Please repeat the entries word for word and keep the images out.

Dataset entries
* * * *
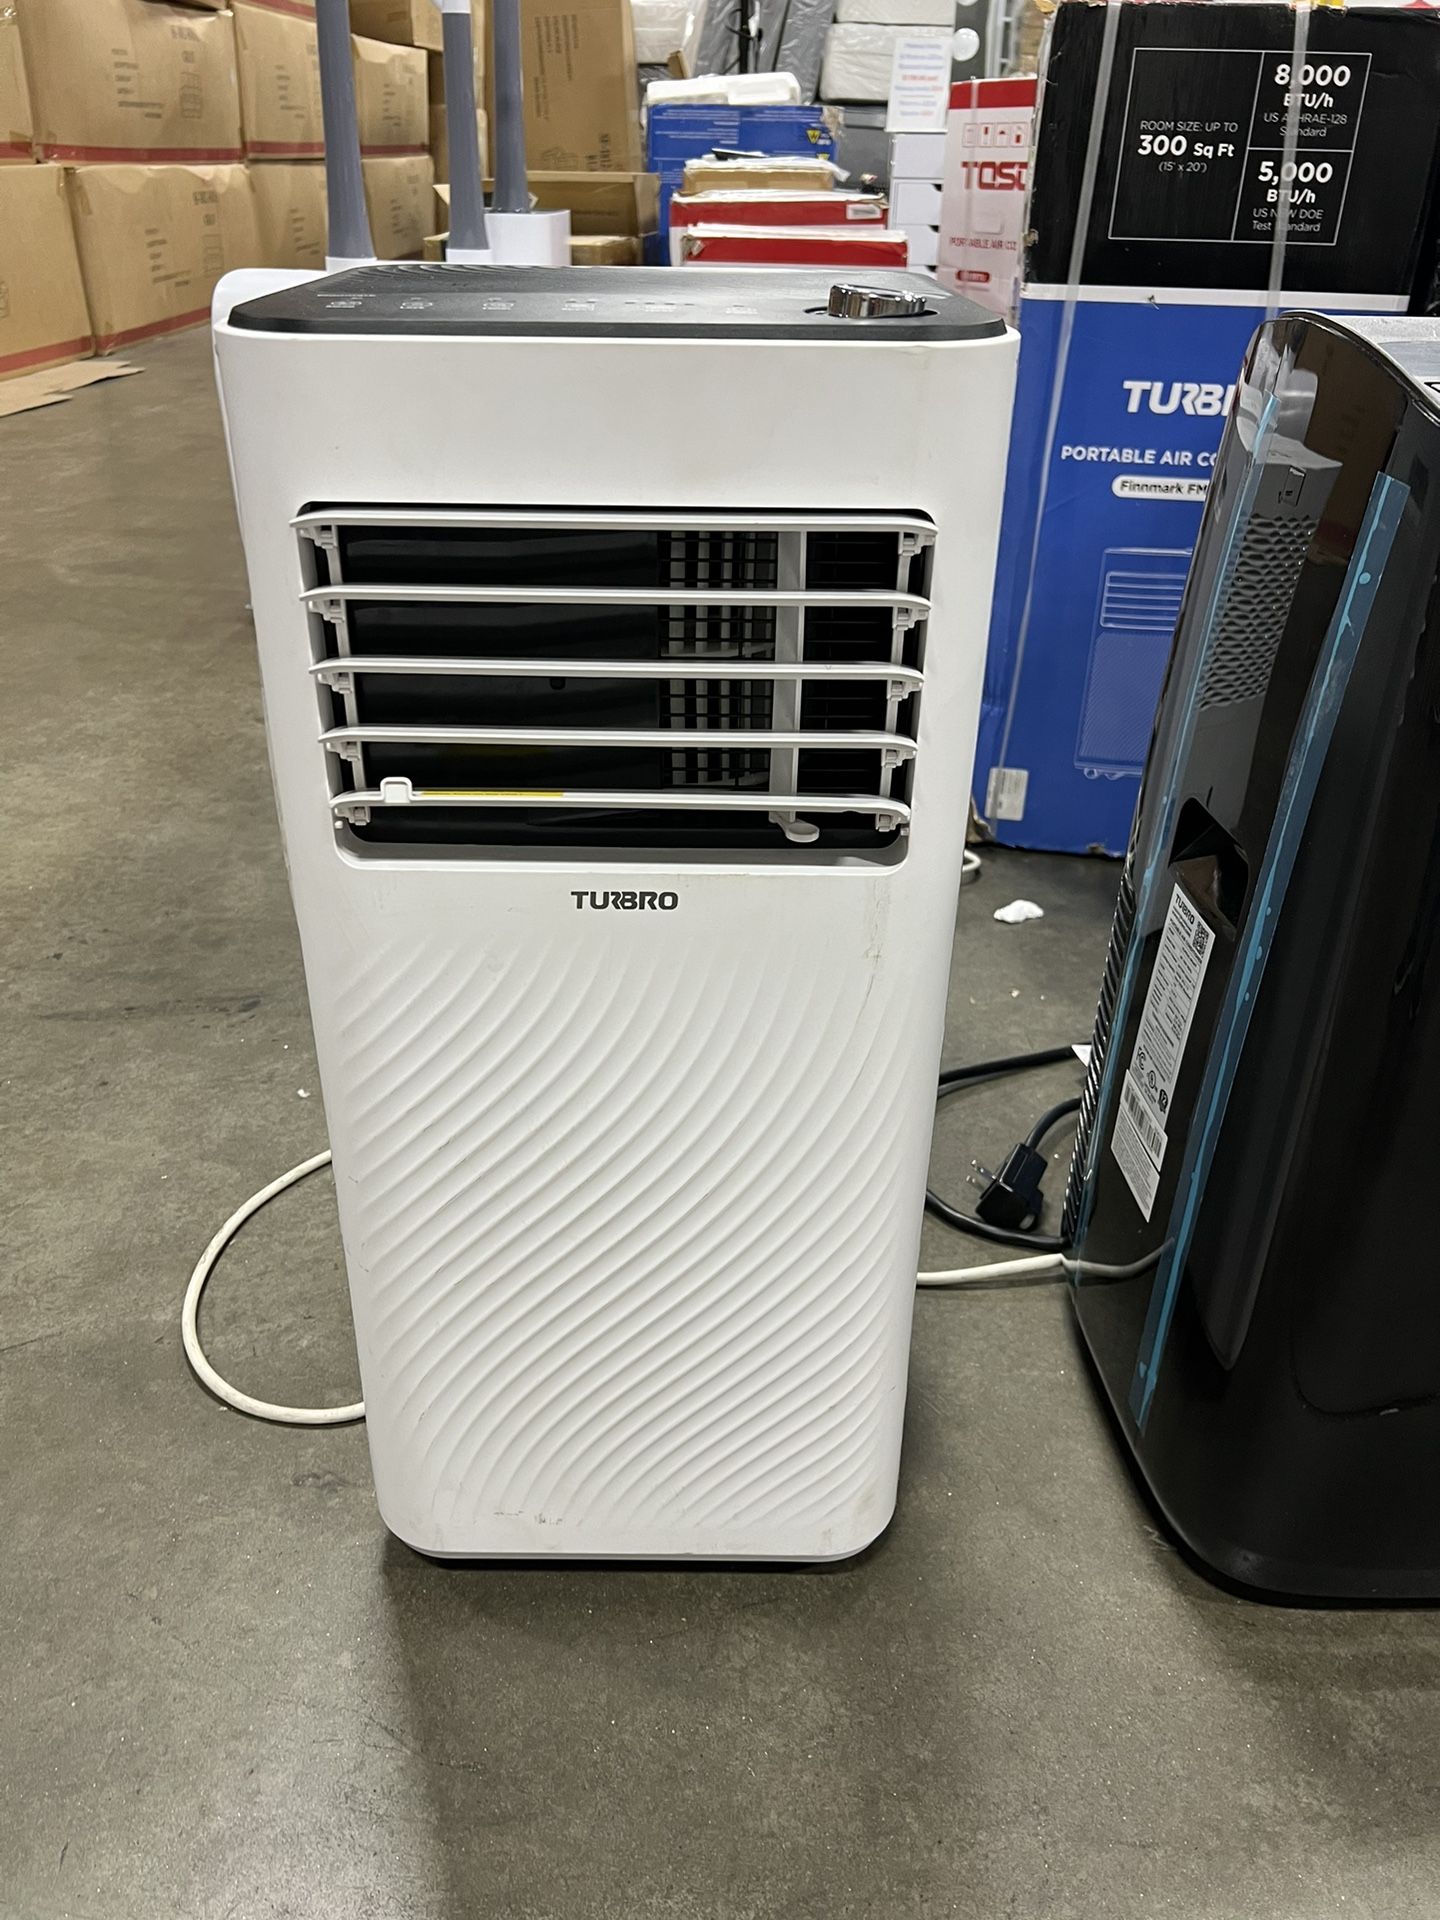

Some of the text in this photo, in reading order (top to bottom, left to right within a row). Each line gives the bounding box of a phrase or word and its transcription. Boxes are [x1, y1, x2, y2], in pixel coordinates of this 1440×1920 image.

[1283, 92, 1334, 109] BTU/h
[1140, 120, 1174, 131] ROOM
[1205, 122, 1221, 132] UP
[1224, 122, 1238, 132] TO
[1264, 112, 1347, 125] US AHRAE-128
[1280, 126, 1327, 137] Sndard
[1138, 134, 1235, 159] 300 Sq Ft
[1258, 161, 1333, 185] 5,000
[1267, 188, 1316, 205] BTU/h
[1253, 208, 1324, 219] US NW DOE
[1253, 220, 1272, 231] Test
[1060, 445, 1157, 464] PORTABLE
[1160, 450, 1193, 466] AIR
[1120, 480, 1183, 494] Finnmark
[571, 891, 678, 910] TURBRO
[1175, 893, 1195, 925] TURBRO
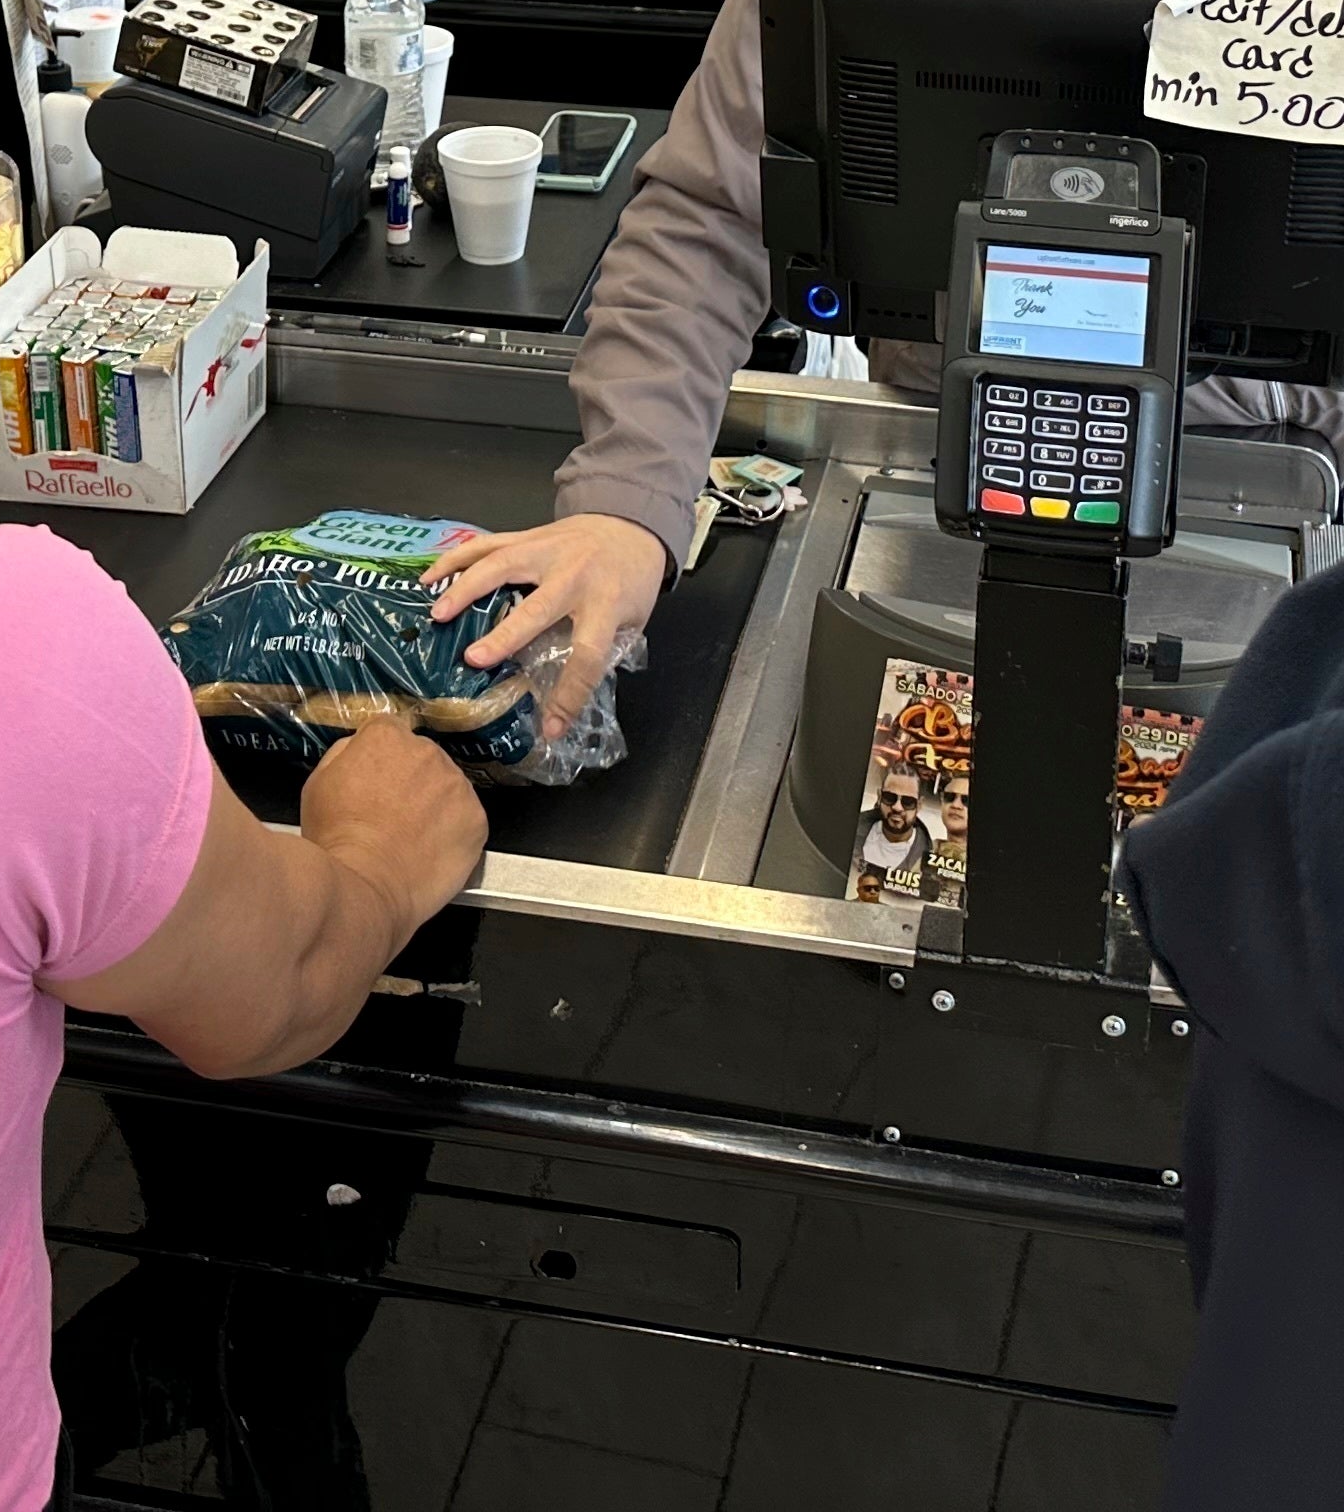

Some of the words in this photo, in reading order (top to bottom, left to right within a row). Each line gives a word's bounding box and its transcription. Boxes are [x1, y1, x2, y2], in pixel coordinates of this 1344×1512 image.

[1150, 72, 1217, 107] min
[1109, 214, 1149, 228] ingenico
[1012, 277, 1054, 297] Thank
[1013, 297, 1047, 319] You
[994, 389, 1001, 400] 1
[1044, 395, 1052, 406] 2
[1095, 399, 1103, 410] 3
[992, 415, 1000, 426] 4
[1042, 421, 1049, 432] 5
[1093, 426, 1100, 437] 6
[990, 442, 998, 453] 7
[1040, 448, 1048, 459] 8
[1090, 453, 1098, 464] 9
[25, 469, 132, 498] Raffaello
[1038, 475, 1047, 486] 0
[317, 515, 432, 539] Green
[309, 525, 413, 553] Giant
[222, 553, 314, 588] IDAHO
[263, 637, 284, 652] NET
[285, 636, 302, 651] WT
[312, 638, 326, 654] LB
[1139, 728, 1162, 741] 29
[1166, 731, 1188, 746] DE
[885, 866, 921, 888] LUIS
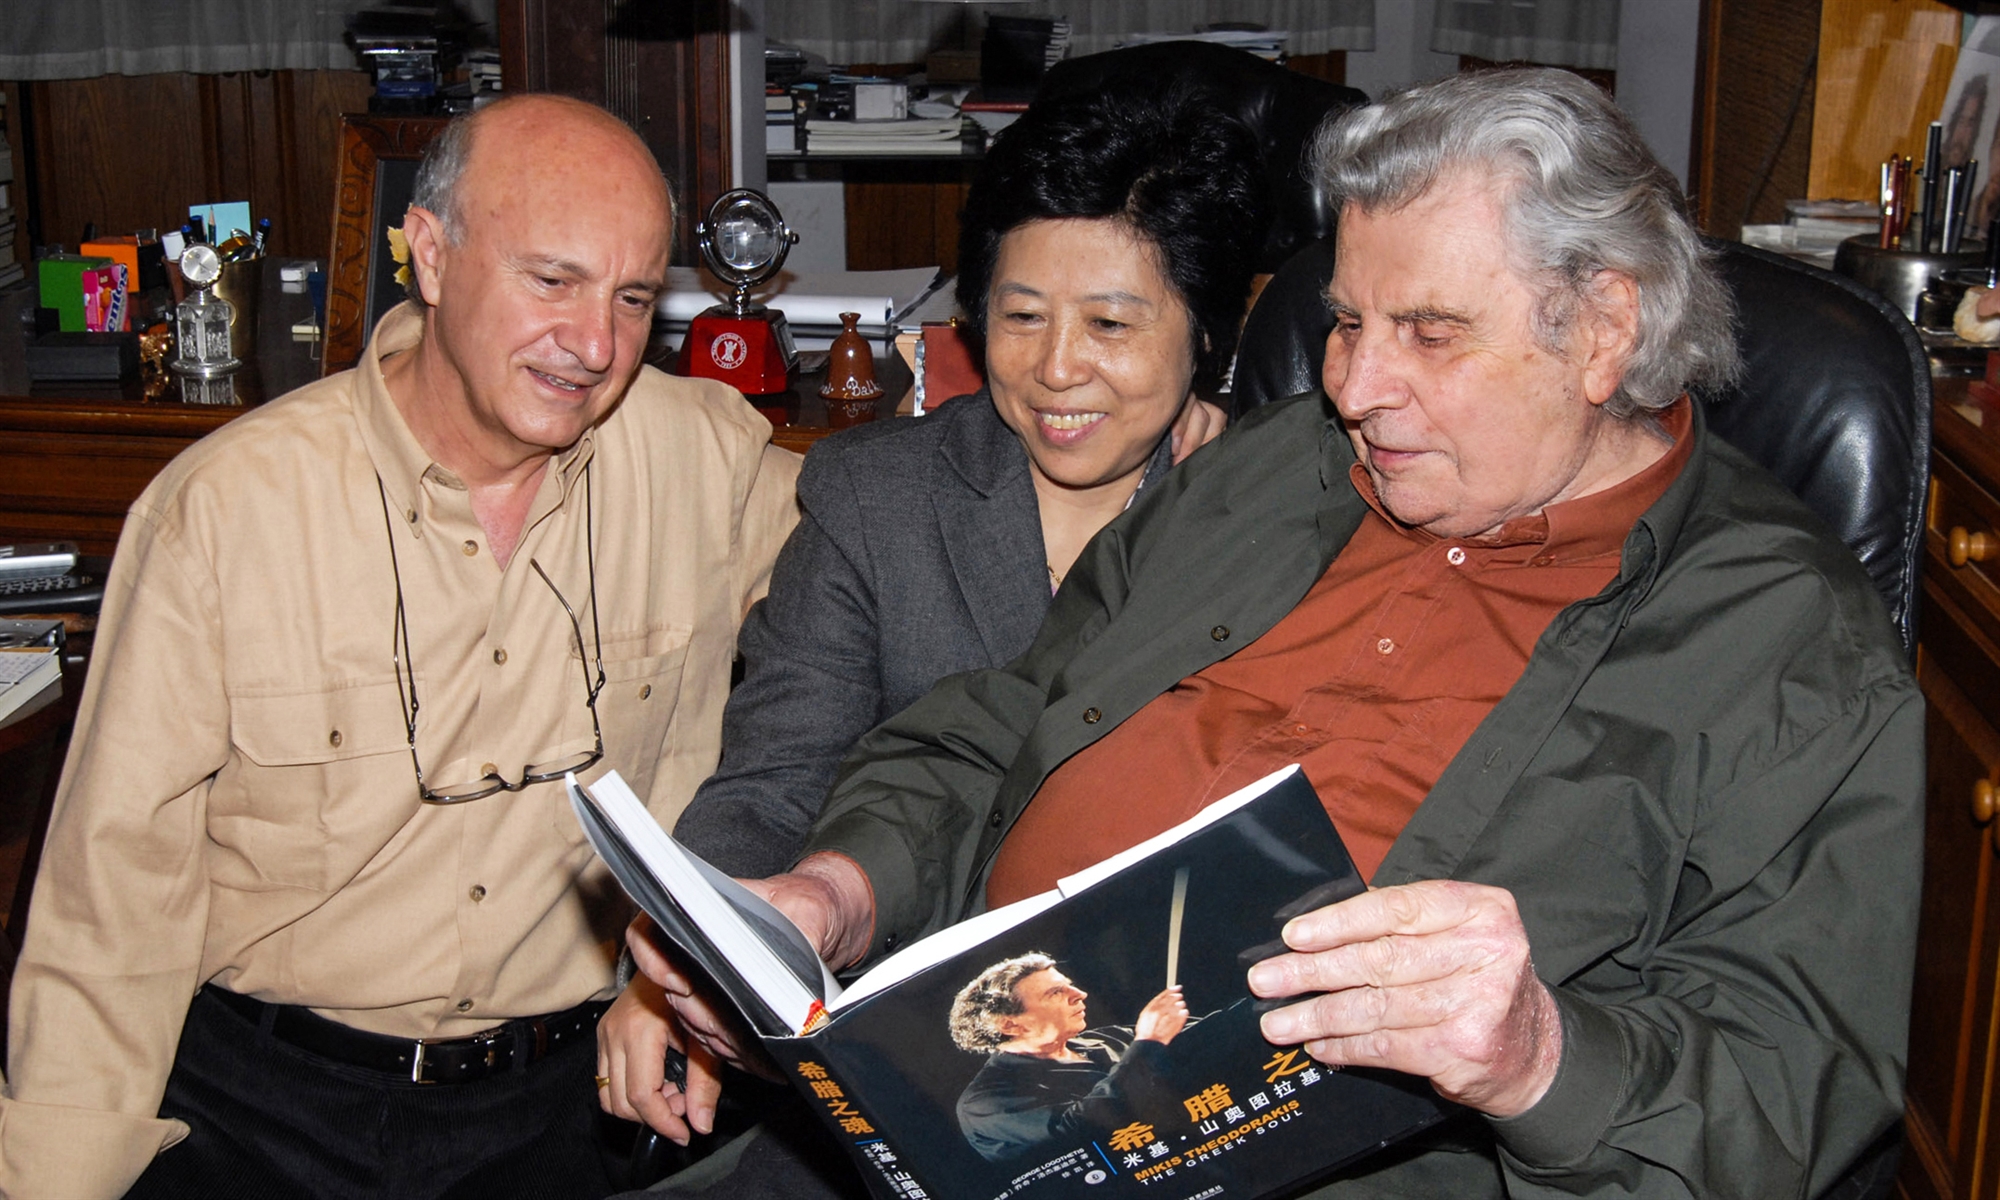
* * * *
■ WRITTEN SOLUTION ■
Some of the text in this photo, in reading order (top to bottom, left to right within a row). Each line gives the bounding box of a phrase or word and its transcription. Boxes are [x1, y1, x2, y2], in pixel coordinates of this 1440×1920 image.

[1283, 92, 1334, 109] BTU/h
[1140, 120, 1174, 131] ROOM
[1205, 122, 1221, 132] UP
[1224, 122, 1238, 132] TO
[1264, 112, 1347, 125] US AHRAE-128
[1280, 126, 1327, 137] Sndard
[1138, 134, 1235, 159] 300 Sq Ft
[1258, 161, 1333, 185] 5,000
[1267, 188, 1316, 205] BTU/h
[1253, 208, 1324, 219] US NW DOE
[1253, 220, 1272, 231] Test
[1060, 445, 1157, 464] PORTABLE
[1160, 450, 1193, 466] AIR
[1120, 480, 1183, 494] Finnmark
[571, 891, 678, 910] TURBRO
[1175, 893, 1195, 925] TURBRO

Some of the words in this photo, in reading order (top to bottom, left to right within a row). Each line gives a word's bounding box and its transcription. Boxes are [x1, y1, x2, y2], in pixel coordinates of this 1344×1512 image.

[1150, 72, 1217, 107] min
[1109, 214, 1149, 228] ingenico
[1012, 277, 1054, 297] Thank
[1013, 297, 1047, 319] You
[994, 389, 1001, 400] 1
[1044, 395, 1052, 406] 2
[1095, 399, 1103, 410] 3
[992, 415, 1000, 426] 4
[1042, 421, 1049, 432] 5
[1093, 426, 1100, 437] 6
[990, 442, 998, 453] 7
[1040, 448, 1048, 459] 8
[1090, 453, 1098, 464] 9
[25, 469, 132, 498] Raffaello
[1038, 475, 1047, 486] 0
[317, 515, 432, 539] Green
[309, 525, 413, 553] Giant
[222, 553, 314, 588] IDAHO
[263, 637, 284, 652] NET
[285, 636, 302, 651] WT
[312, 638, 326, 654] LB
[1139, 728, 1162, 741] 29
[1166, 731, 1188, 746] DE
[885, 866, 921, 888] LUIS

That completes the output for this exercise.